Calgary’s Chinese community may be bigger than Red Deer’s, but the southern city also has racism concerns around the coronavirus outbreak, which the central city does not.
The Calgary Chinese Community Service Association says the agency is concerned about racism and xenohobia that may be creeping into the dialogue around the epidemic centred in Wuhan province in China.
“We urge Calgarians to remain calm and not direct misplaced concern towards Chinese-Canadian Calgarians,” said Thomas Cheuk and Norman Poon, the association’s co-chairs.
“We must avoid demonizing the entire Calgary Chinese community, while remaining vigilant and careful.”
In Red Deer, there are no such concerns, probably because the Chinese community is much smaller – about 700 to 900 people, said Lawrence Lee, president of the Red Deer and District Chinese Community Society.
“We don’t have a huge, significant presence of Chinese population like we used to in past years, so that’s tapered down the impact,” said Lee, who is also a city councillor.
Lee said he has heard concerns about the virus, and the supports around it, and what can be done to help those in China.
During the SARS outbreak in 2002, similar sentiment was felt in Calgary, and to some extent, in Red Deer, he said.
“It definitely was more of an issue in Red Deer in 2002, than it is now with coronavirus, for sure,” Lee said.
Back then, Red Deer had a Chinese population of between 1,000 and 1,100 people.
Lee said people are more educated today, thanks to traditional media channels and social media.
“A lot of people now don’t jump to conclusions or reactions.
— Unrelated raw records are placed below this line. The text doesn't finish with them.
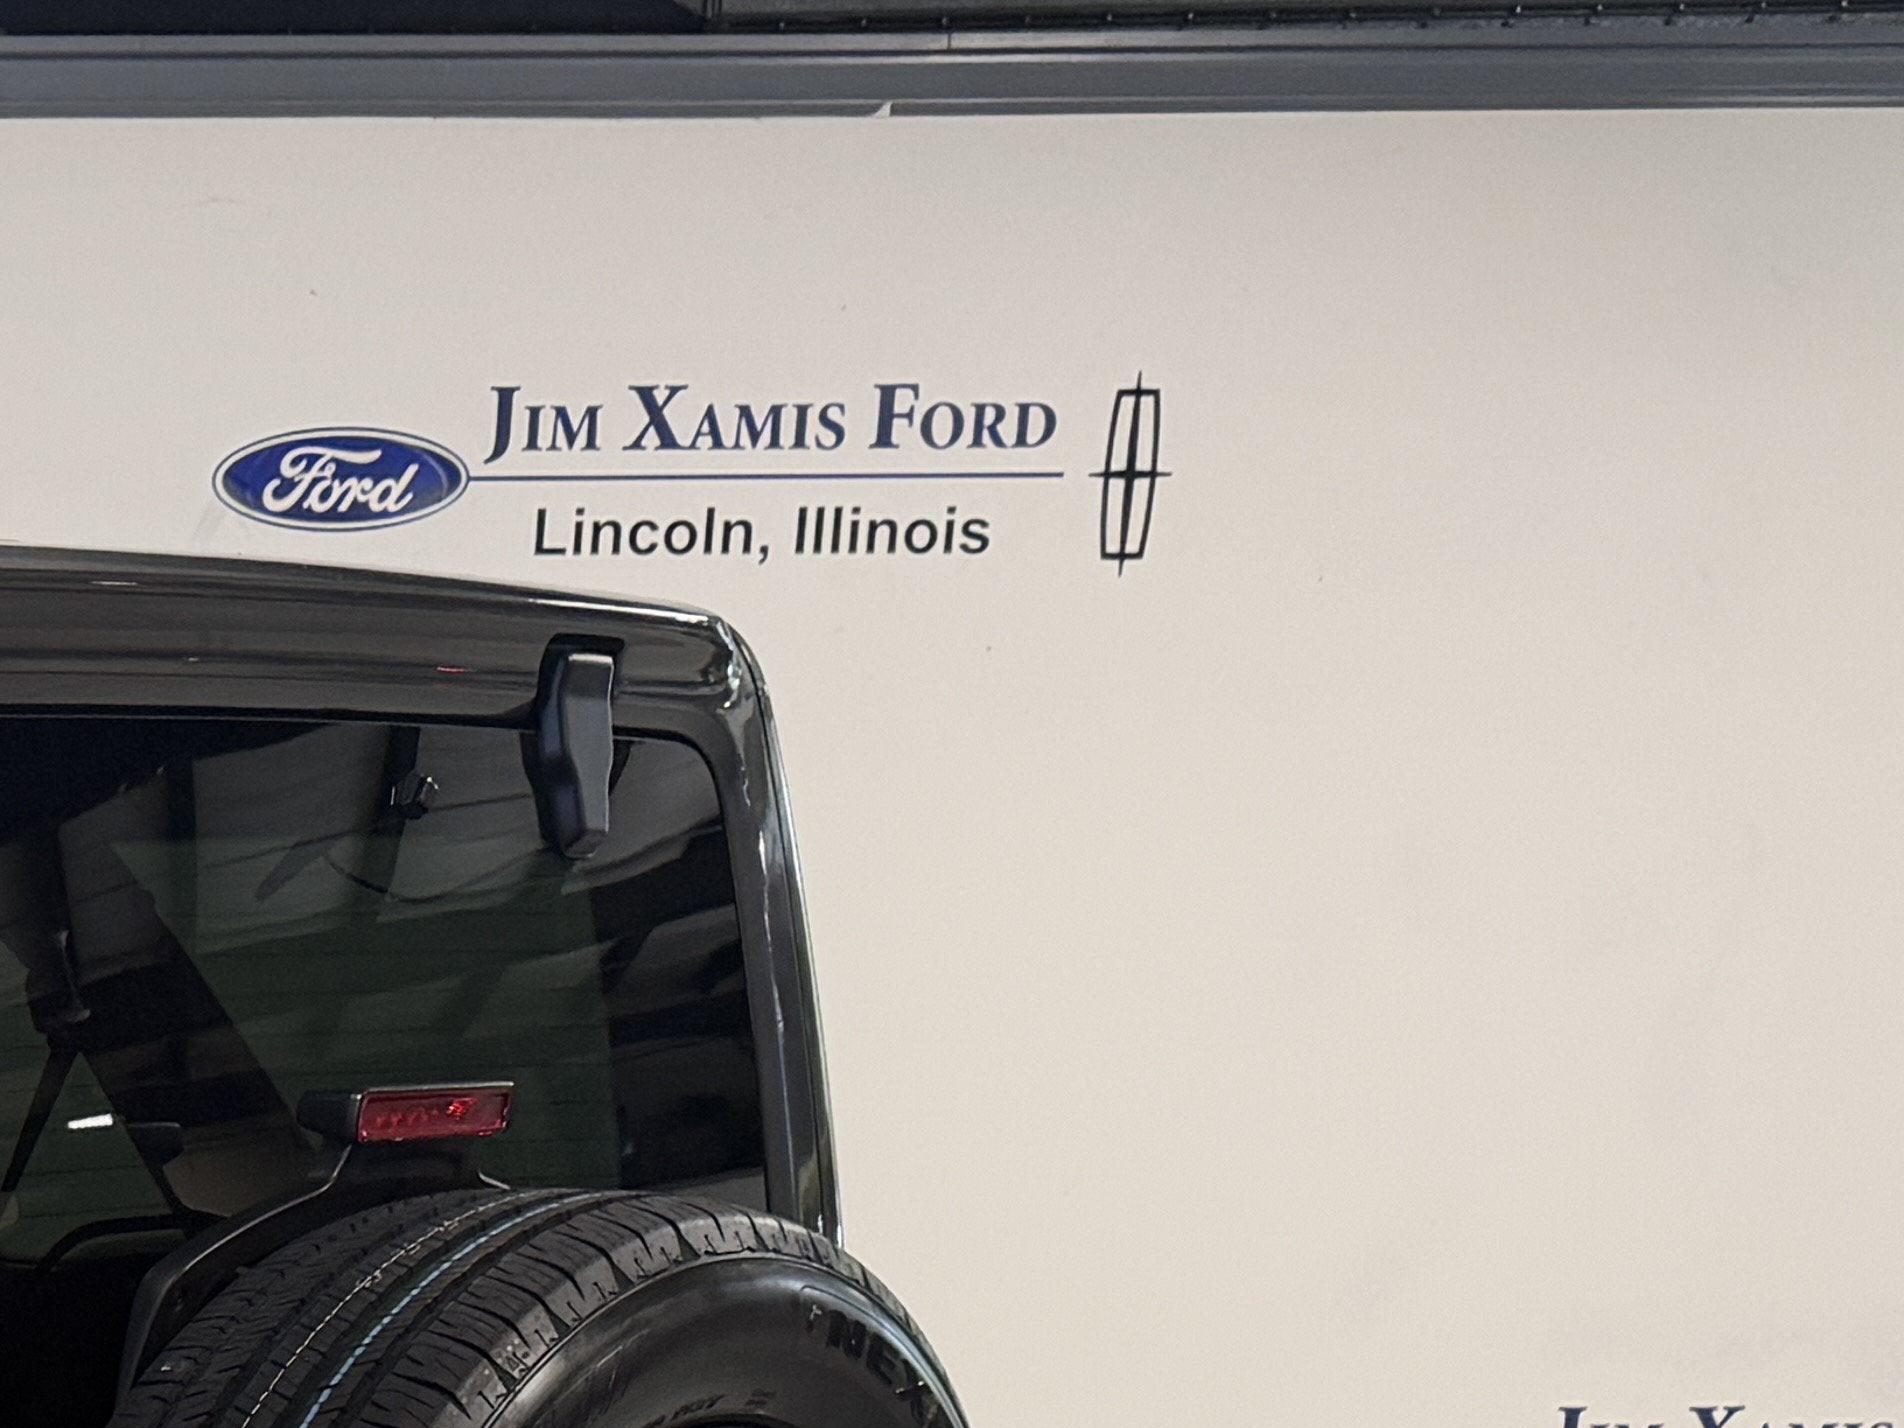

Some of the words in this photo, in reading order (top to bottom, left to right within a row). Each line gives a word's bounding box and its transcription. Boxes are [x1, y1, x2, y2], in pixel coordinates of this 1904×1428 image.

[484, 386, 602, 464] JIM
[622, 385, 845, 451] XAMIS
[868, 384, 1056, 449] FORD
[263, 446, 419, 512] Ford
[534, 507, 768, 564] Lincoln,
[795, 506, 989, 554] Illinois
We’re now more informed. People understand transmission isn’t through standing next to somebody, and that people have to show signs or symptoms,” Lee said.
Sammy Beng, manager at Red Star Chinese Restaurant in Red Deer, said his business, which consists mostly of non-Chinese customers, is doing “normal.”
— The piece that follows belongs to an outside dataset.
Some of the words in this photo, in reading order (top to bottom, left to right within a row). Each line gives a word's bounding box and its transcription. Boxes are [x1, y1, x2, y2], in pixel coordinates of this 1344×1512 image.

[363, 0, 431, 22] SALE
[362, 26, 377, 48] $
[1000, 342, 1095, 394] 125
He explained, post-new year, business does slow down a bit, because people may not have as much spending money, and that’s considered typical at this time of year.
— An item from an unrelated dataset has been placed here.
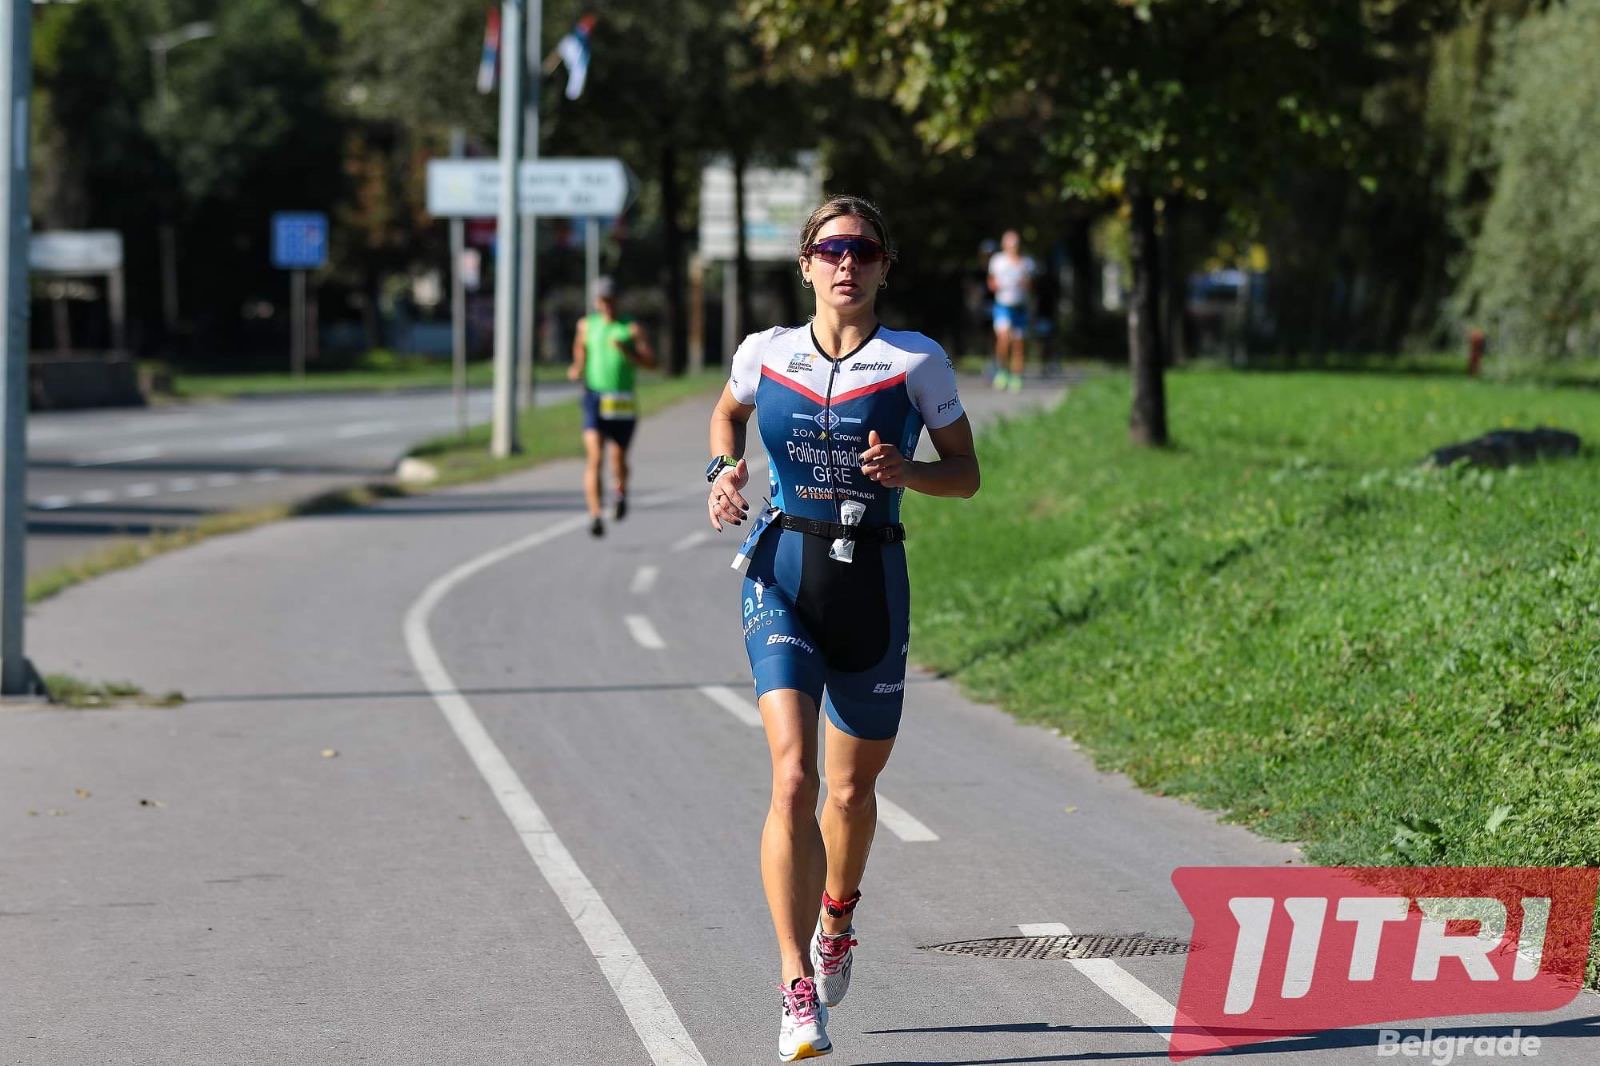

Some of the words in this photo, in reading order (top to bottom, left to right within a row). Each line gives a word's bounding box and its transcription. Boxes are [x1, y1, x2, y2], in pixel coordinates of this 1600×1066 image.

[850, 361, 893, 371] Santini
[833, 432, 861, 442] Crowe
[813, 466, 852, 484] GRE
[767, 633, 814, 654] Santini
He said there are some Chinese people who are afraid of the spread of the virus; perhaps from someone who has just returned from China. That means they visit one another less often than normal.
“Usually, they see each other often. Right now, it’s a little bit less,” he said.
“Because every day, they see the news and they know what’s happening in China. That’s why they are probably scared a little bit.”
The decrease in the Chinese community numbers in the city, compared to around 2002, is due to the lack of post-secondary education in central Alberta, Lee said.
“Our culture puts a huge value on education, so without Red Deer having a university, it’s really impacted the growth of the Chinese community,” Lee said, adding the change in Red Deer College to a university is welcomed.